USITの開発者Dr. Ed Sickafusによる教科書問題 「額縁掛けの問題」について, 本年 3月23日に本ホームページに和訳を掲載しました。その意図は, USITの解決策の生成技法の適切な事例を紹介することでした。この事例はかなり大部であり, 解決策生成の筋道は原典ではいろいろと輻輳しています。

7月11-13日に開催しましたUSIT3日間トレーニングセミナーに当たって, 本事例を40枚弱のスライドにして, 分かりやすく説明することを試みました。この過程において, また, セミナーでの討論において, この事例を一層消化吸収することができ, さらにUSITの方法自体にもいくつかの新しい観点を得ることができて,大変有益でした。

そこで, 本稿では, 中川が作成しましたスライドを用いて, Sickafusの「額縁掛けの問題」を分かりやすく説明し, 同時に中川の意見/注釈を示します。前に掲載しましたSickfusによるもともとの記述を参照しつつ全体を理解していただけるとよいでしょう。いままでにUSITの概要を学んで来られた読者の皆さんには, USITのプロセスの心を伝える分かりやすい解説になっていることと思っています。
 

追記 (中川  徹, 2001年 8月23日)
本件を英訳して英文ページに掲載しました (日本語版にスライド(40)を追加しました)。また, 英訳原稿をSickafus博士に送りましたところ, つぎのような返事を8月13日にいただきました。
徹, 研究の成果を送ってきてくれてありがとう。何かを学ぶための最善の方法は, それを教えることだと思います。USITの場合には, USITのデモの一式をスライドに作ってみるのが, いつも収穫があり, 自分でも驚くことがあるよい演習です。あなたのスライドとその解説に対する私のコメントを添付のWordファイルで送ります。ではまた, 元気で。   エド
博士のコメントを, 博士の許可を得て, 本稿の関連する箇所に挿入しました。**印と青文字のテキストで示しています。二人の見方は, ときには異なる点を強調していますが, 読者の皆さんがUSITをより深く理解されるのに役立つものと思っています。
本ページの先頭  1. 問題の定義  2. 問題の分析  3. 解決策生成  Sickafusの教科書問題の和訳  English page




 
 
(1) 本稿は, Sickafusの教科書の例題「額縁掛けの問題」について, 中川がスライドを作って解説したものです。基本的にUSITの問題解決プロセスに従って記述されています。

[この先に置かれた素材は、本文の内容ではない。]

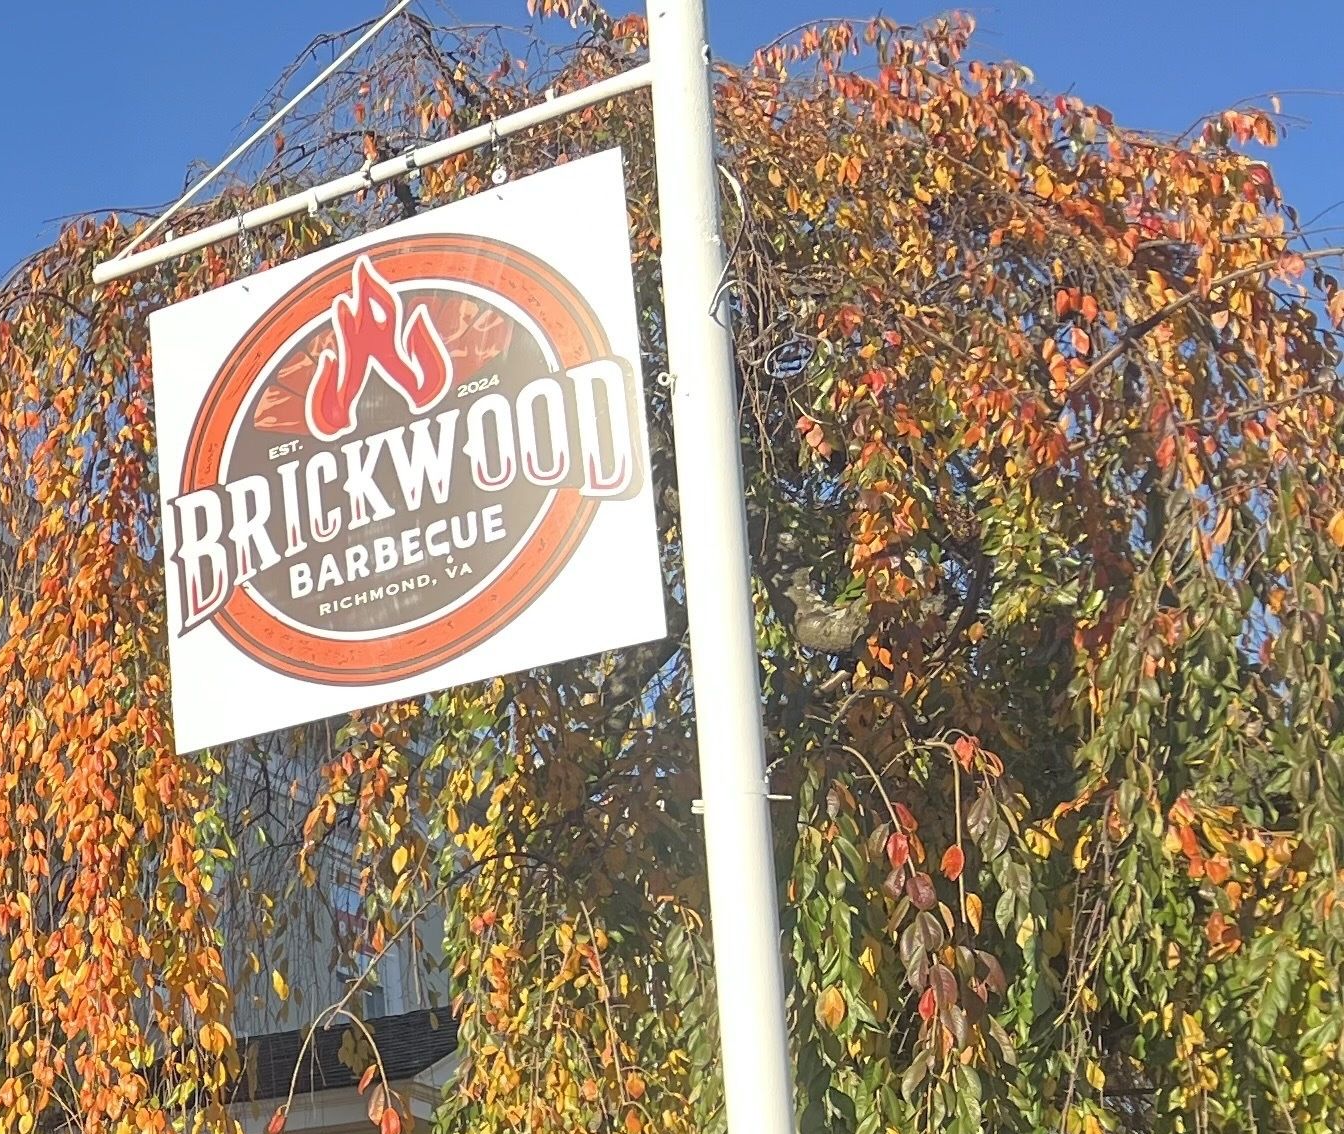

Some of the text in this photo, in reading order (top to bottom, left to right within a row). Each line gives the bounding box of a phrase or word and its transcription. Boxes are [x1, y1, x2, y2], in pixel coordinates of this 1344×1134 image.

[268, 373, 501, 460] EST. 2024
[170, 357, 634, 633] BRICKWOOD
[288, 503, 507, 600] BARBECUE
[318, 563, 473, 617] RICHMOND, VA

原著の和訳は本『TRIZホームページ』に別に掲載してありますので参照・対比下さい。 

原典は大部のUSIT教科書の付録E9に紹介されている事例です。この事例は, Sickafusが高校生向けに話したセミナーを拡張して記述したものです。


 
(2) 「問題の状況」というのは, 問題の発端を示すもので, 問題を解決しようとする直前の段階を説明しているものです。

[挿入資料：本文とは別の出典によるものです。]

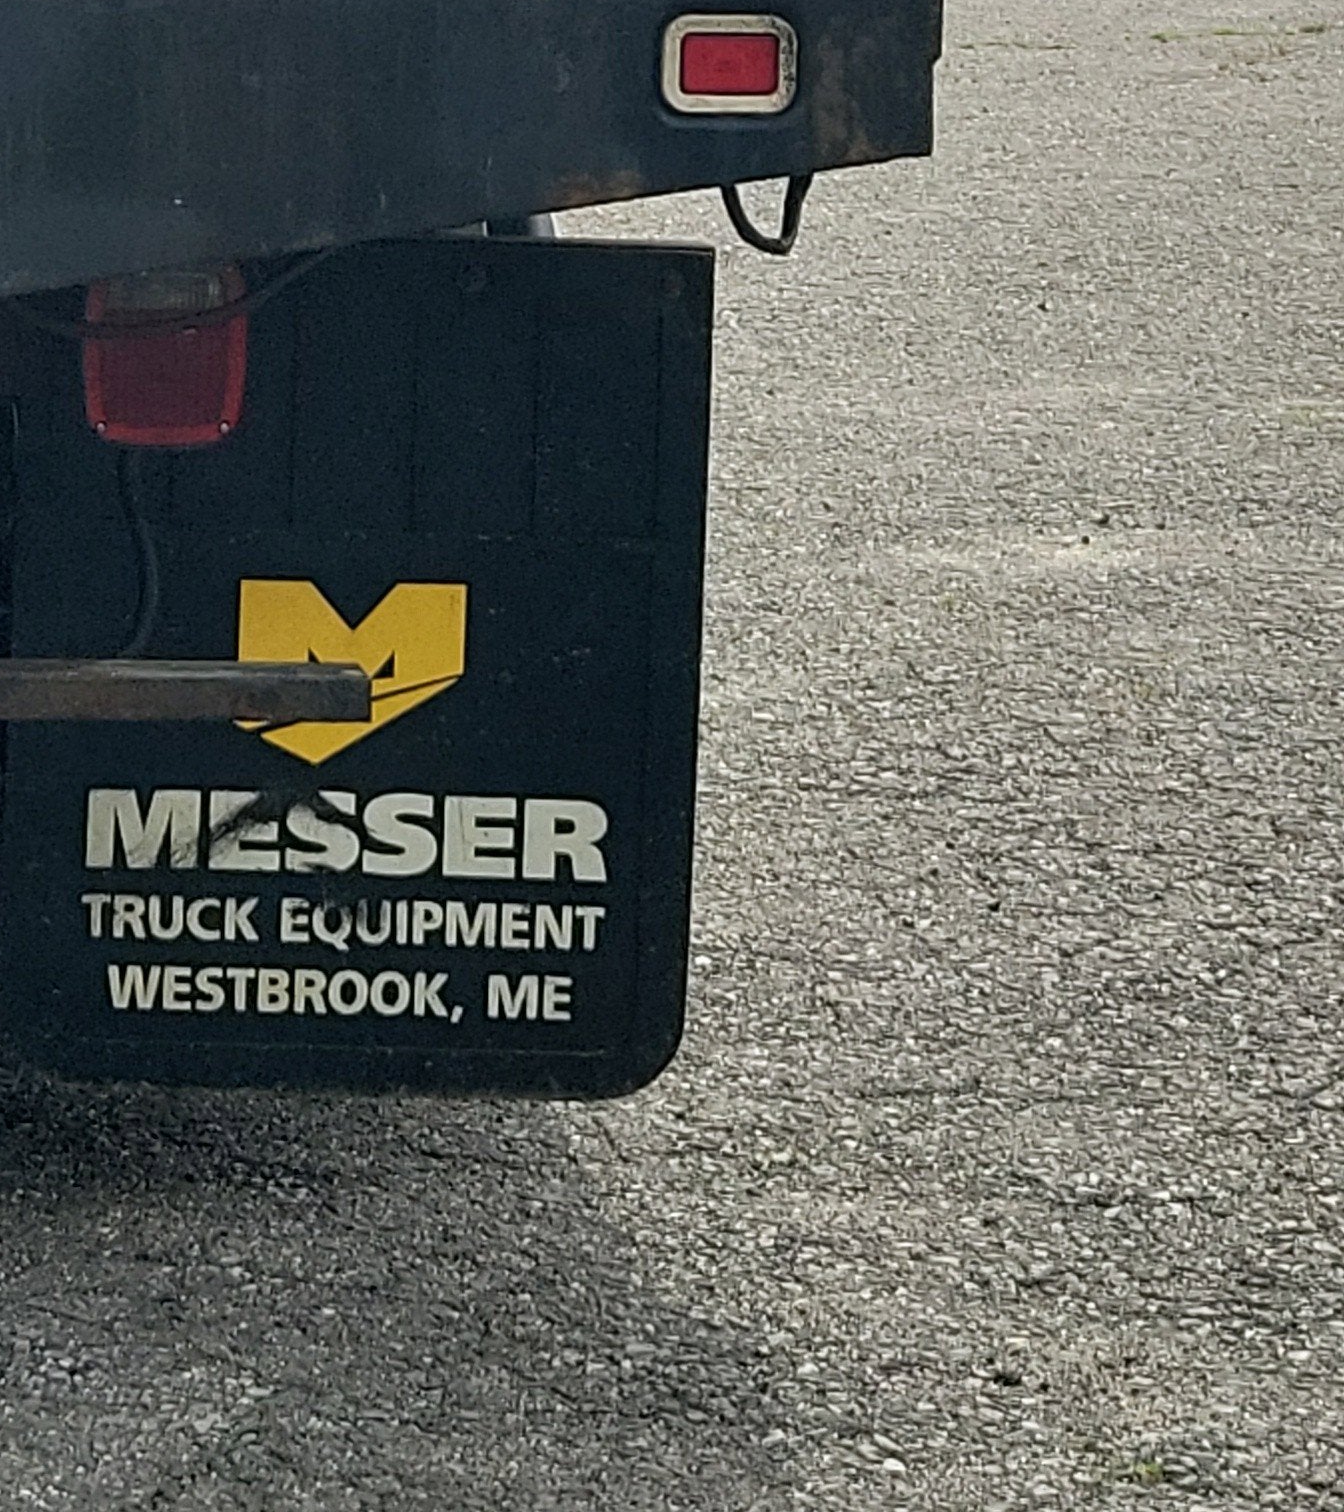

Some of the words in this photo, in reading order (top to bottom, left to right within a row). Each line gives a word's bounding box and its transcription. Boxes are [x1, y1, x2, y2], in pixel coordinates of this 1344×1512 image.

[85, 788, 609, 883] MESSER
[80, 893, 260, 943] TRUCK
[279, 896, 607, 952] EQUIPMENT
[107, 964, 465, 1024] WESTBROOK,
[486, 975, 574, 1021] ME

企業の場合には, このスライドに示すような「大まかな方針」が経営者, マネジャ, あるいは企画部門などによって作られ, 技術の現場におりて来る場合があります。

あるいは, このような問題意識が, 技術部門の中から起こり, その解決に取りかかる前に, 問題状況の説明として記述する (あるいは口頭で説明する) 場合もあります。

問題解決を任されたチームは, まずこのような「問題の状況」を正しく把握 (聴取) しなければなりません。この理解が適切でないと, 問題解決の努力はすべて無駄骨折になります。


 
(3) ここからがUSITの問題解決のプロセスです。 USITではどんなことをどんな順番で考えていけば良いかを, 明確なガイドラインにしています。

最初の問題定義の段階では, チームは, 上記の「問題の状況」をベースにして, 具体的にどのような (解決すべき) 問題が起こっているのかを明らかにします。いままでの経験と討論で明らかになる場合もありますし, 現場の担当者からデータや説明をしてもらわなければならないことも多いでしょう。

左のスライドは, そのような解明のプロセスを経て, 要点をまとめた結果の例です。このスライドのような簡潔なまとめを作るのです。

USITでは, 「問題宣言文」は1〜2行の簡潔なものにします。簡潔さは明確さを保証するためです。

スケッチは, 問題のメカニズムを考えるために重要なものです。**

**  [Sickafus博士のコメント:]  オブジェクトのスケッチを描くのは,オブジェクトとその相互作用についてより明確な理解をするように仕向けるものです。
(4) つぎに, 問題の根本原因を考察します。それは, 問題が起こるメカニズムを理解することと同等です。

Dr. Sickafusは実験物理学の研究者として, 大学と企業 (Ford社) とで多くの仕事をした人で, 物理学の素養に基づき, メカニズムに対する深い理解・洞察を推奨しています。

このようなメカニズムの理解は, 理論や数値的なものよりも, 現象そのものの因果関係の理解が多くの場合に大事です。「現象論的理解」というのはそのような意味です。** 

左のスライドは, 「問題のメカニズム」を考察していくためのSickafusのプロセスです。

**  現象論的分析と言っているのは, 式を使わない理論的分析 および 数値を使わない実験的分析のことです。
(5) メカニズムを考えるときに, まず, 現在のシステムが本来どのような意図で設計されているのかを考えています。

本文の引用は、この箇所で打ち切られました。